I am working on a side project where I am comparing two different databases and want to find the common elements of the data sets based on the "id" field. I want to know if there is an optimal solution instead of using two nested for loops. Is there a way to do it with a hash map? Many Thanks! Below is the sample code I am working with.

UPDATE all ids are unique with no possibility of there being a duplicate

// data set 1
const set1 = [
  {
    id: "001",
    name: "bob",
    age: "50",
    location: "texas"
  },
    {
    id: "002",
    name: "bill",
    age: "51",
    location: "texas"
  },
    {
    id: "003",
    name: "ben",
    age: "52",
    location: "texas"
  },
    {
    id: "004",
    name: "cam",
    age: "53",
    location: "texas"
  },
    {
    id: "005",
    name: "max",
    age: "54",
    location: "texas"
  }
]

// data set 2
const set2 = [
  {
    id: "001",
    name: "bob"
  },
  {
    id: "002",
    name: "bill"
  }
]

// I want to create a function where I find the the common elements of the two lists based on id and put the common element of data set 1 into a list and return that list

const findUnion(set1, set2) {
  // logic here, I know I can do a nested for loop but is there a more efficient way such as 
  // using a hashmap? ( Map() object? ) 
}

// desired output 
const output = [
  {
    id: "001",
    name: "bob",
    age: "50",
    location: "texas"
  },
    {
    id: "002",
    name: "bill",
    age: "51",
    location: "texas"
  }
]
  • Related: https://stackoverflow.com/questions/11426929/can-we-use-join-for-two-different-database-tables – nice_dev Jul 17 '22 at 19:20

3 Answers3

1

You can use Sets for efficient lookup:

const ids1 = new Set(set1.map(({id}) => id));
const ids2 = new Set(set2.map(({id}) => id));
const output = set1.filter(({id}) => ids1.has(id) && ids2.has(id));
console.log(output);
AKX
  • 152,115
  • 15
  • 115
  • 172
0

First we combine into one long array.
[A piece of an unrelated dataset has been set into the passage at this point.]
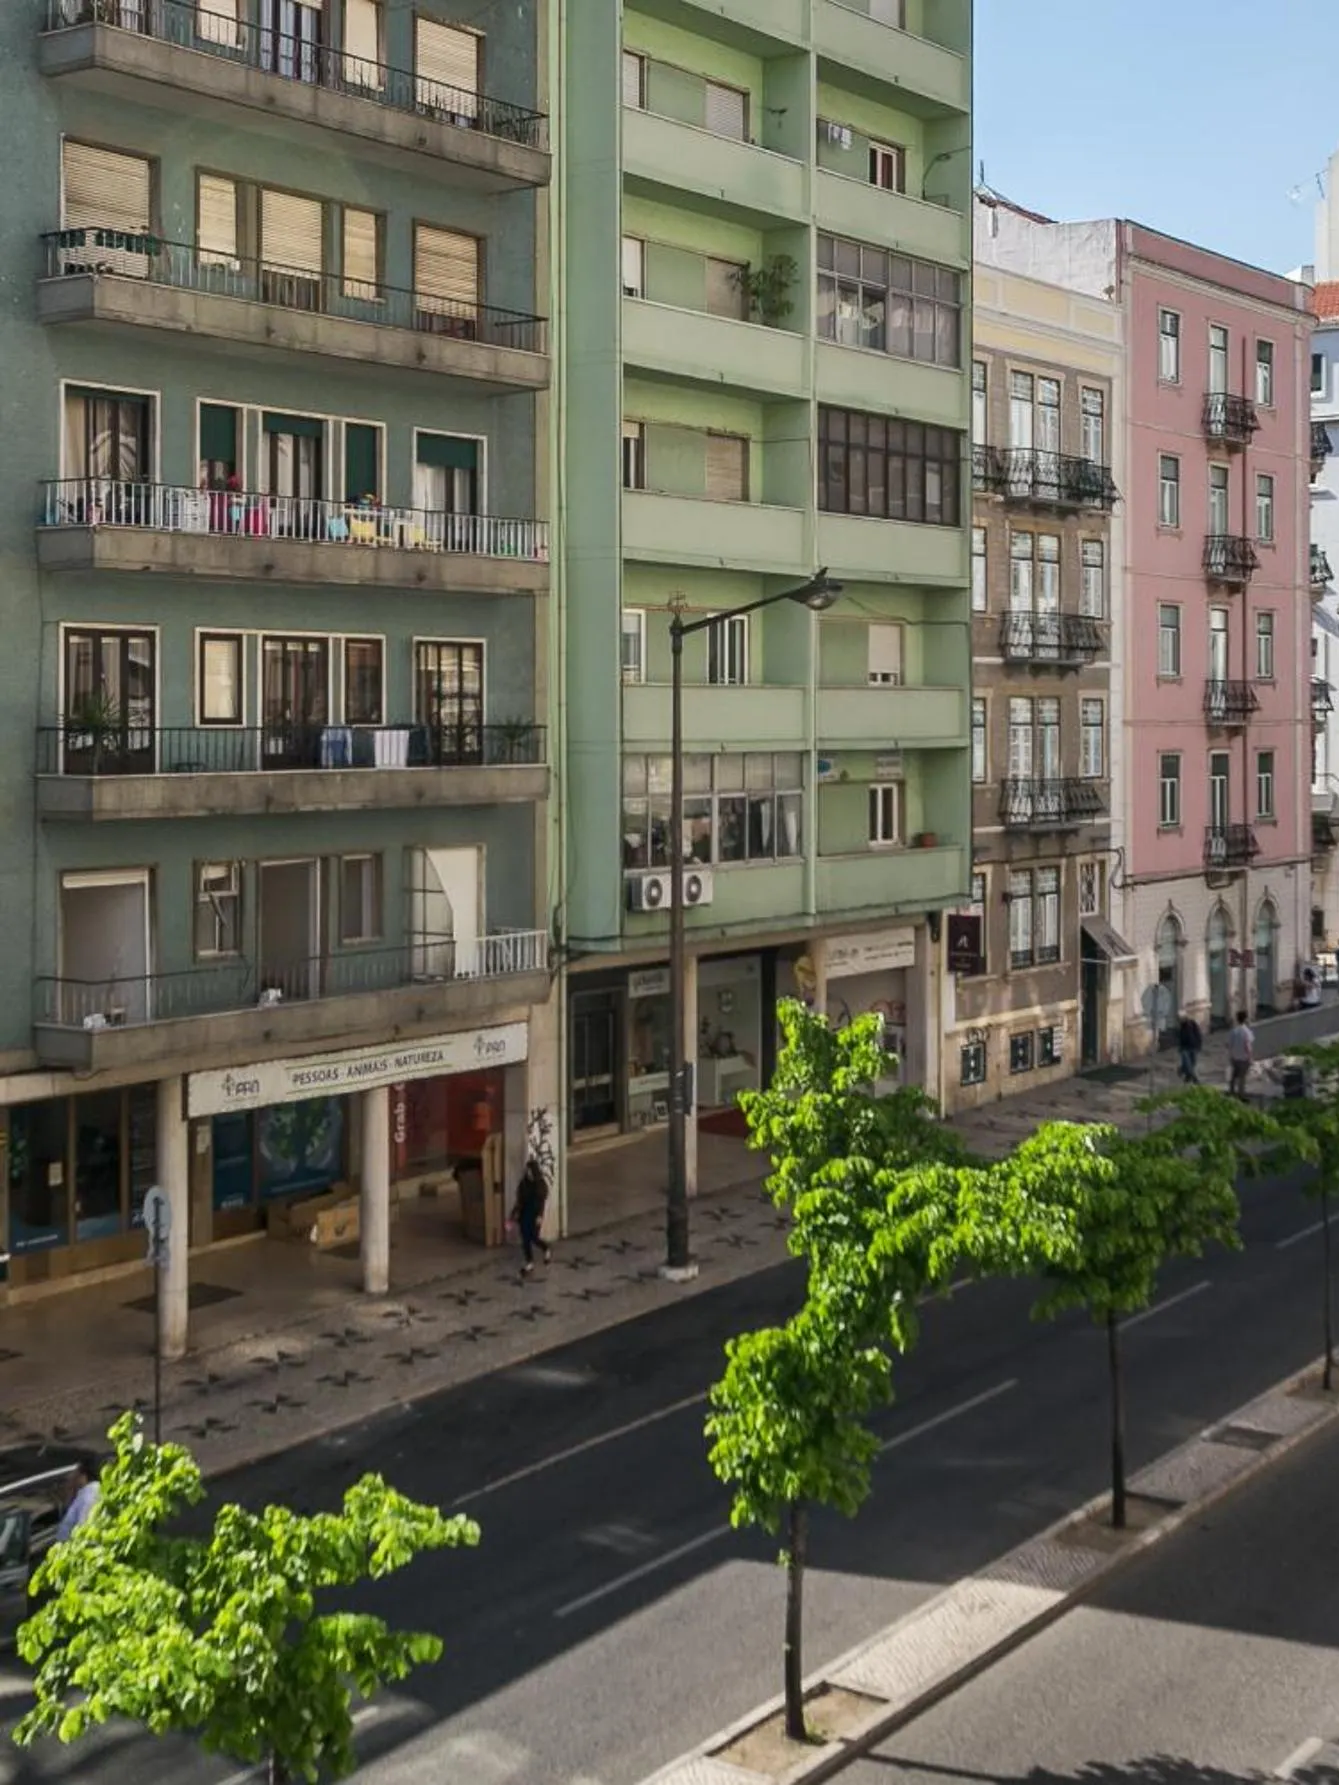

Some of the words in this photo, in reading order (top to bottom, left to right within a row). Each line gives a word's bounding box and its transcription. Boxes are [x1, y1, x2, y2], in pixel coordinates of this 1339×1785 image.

Then group by id using reduce method. Each group contains the item and count of appearances. Finally, for each of the groups, return only those with count of appearances > 1.

Edit: fixed algorithm see code.

Edit 2: Made it more generic so order of items won't matter. This is by extending the duplicates rather then replacing them.

function findUnion(set1, set2) {

  // first remove duplicates from each set
  // bonus: collect duplicates
  var duplicates;

  function dedup(set) {
    duplicates = []
    return Object.values(set.reduce(function(agg, item) {
      var merged = item;
      if (agg[item.id]) {
        merged = { ...agg[item.id],
          ...item
        }
        duplicates.push(merged)
      }
      agg[item.id] = merged;
      return agg
    }, {}));
  }

  set1 = dedup(set1);
  set2 = dedup(set2);

  // then combine
  var combined = [...set1, ...set2]

  // then remove duplicates again, this time keep them
  dedup(combined)
  return duplicates;
}

// data set 1
const set1 = [{
    id: "001",
    name: "bob",
    age: "50",
    location: "texas"
  },
  {
    id: "002",
    name: "bill",
    age: "51",
    location: "texas"
  },
  {
    id: "003",
    name: "ben",
    age: "52",
    location: "texas"
  },
  {
    id: "004",
    name: "cam",
    age: "53",
    location: "texas"
  },
  {
    id: "005",
    name: "max",
    age: "54",
    location: "texas"
  },
  {
    id: "005",
    name: "max",
    age: "54",
    location: "texas"
  },
  {
    id: "005",
    name: "max",
    age: "54",
    location: "texas"
  }
]

// data set 2
const set2 = [{
    id: "001",
    name: "bob"
  },
  {
    id: "002",
    name: "bill"
  }
]


// desired output 
const output = [{
    id: "001",
    name: "bob",
    age: "50",
    location: "texas"
  },
  {
    id: "002",
    name: "bill",
    age: "51",
    location: "texas"
  }
]

console.log(findUnion(set1, set2))
IT goldman
  • 14,885
  • 2
  • 14
  • 28
  • 1
    Yes I overlooked the possibility of duplicates in each list. Fix was to *remove* duplicates first. Then I refactored to re-use that code to *find* duplicates. – IT goldman Jul 17 '22 at 21:49
  • Note the difference between the requested output and yours. Think it would be fixed if you set `combined` to `[...set2, ...set1]`. – Scott Sauyet Jul 18 '22 at 18:58
0

First of all, you're looking for the intersection, not the union.

As others have said, we can use a Set to track uniqueness. This gives us near O(1) lookup time, and allows us algorithm that runs in something like O(m + n) time where m and n are the sizes of your sets:

const intersection = (s1, s2, ids = new Set (s2 .map (x => x .id))) =>
  s1 .filter (({id}) => ids .has (id))

const set1 = [{id: "001", name: "bob", age: "50", location: "texas"}, {id: "002", name: "bill", age: "51", location: "texas"}, {id: "003", name: "ben", age: "52", location: "texas"}, {id: "004", name: "cam", age: "53", location: "texas"}, {id: "005", name: "max", age: "54", location: "texas"}]
const set2 = [{id: "001", name: "bob"}, {id: "002", name: "bill"}]

console .log (intersection (set1, set2))
.as-console-wrapper {max-height: 100% !important; top: 0}
Scott Sauyet
  • 49,207
  • 4
  • 49
  • 103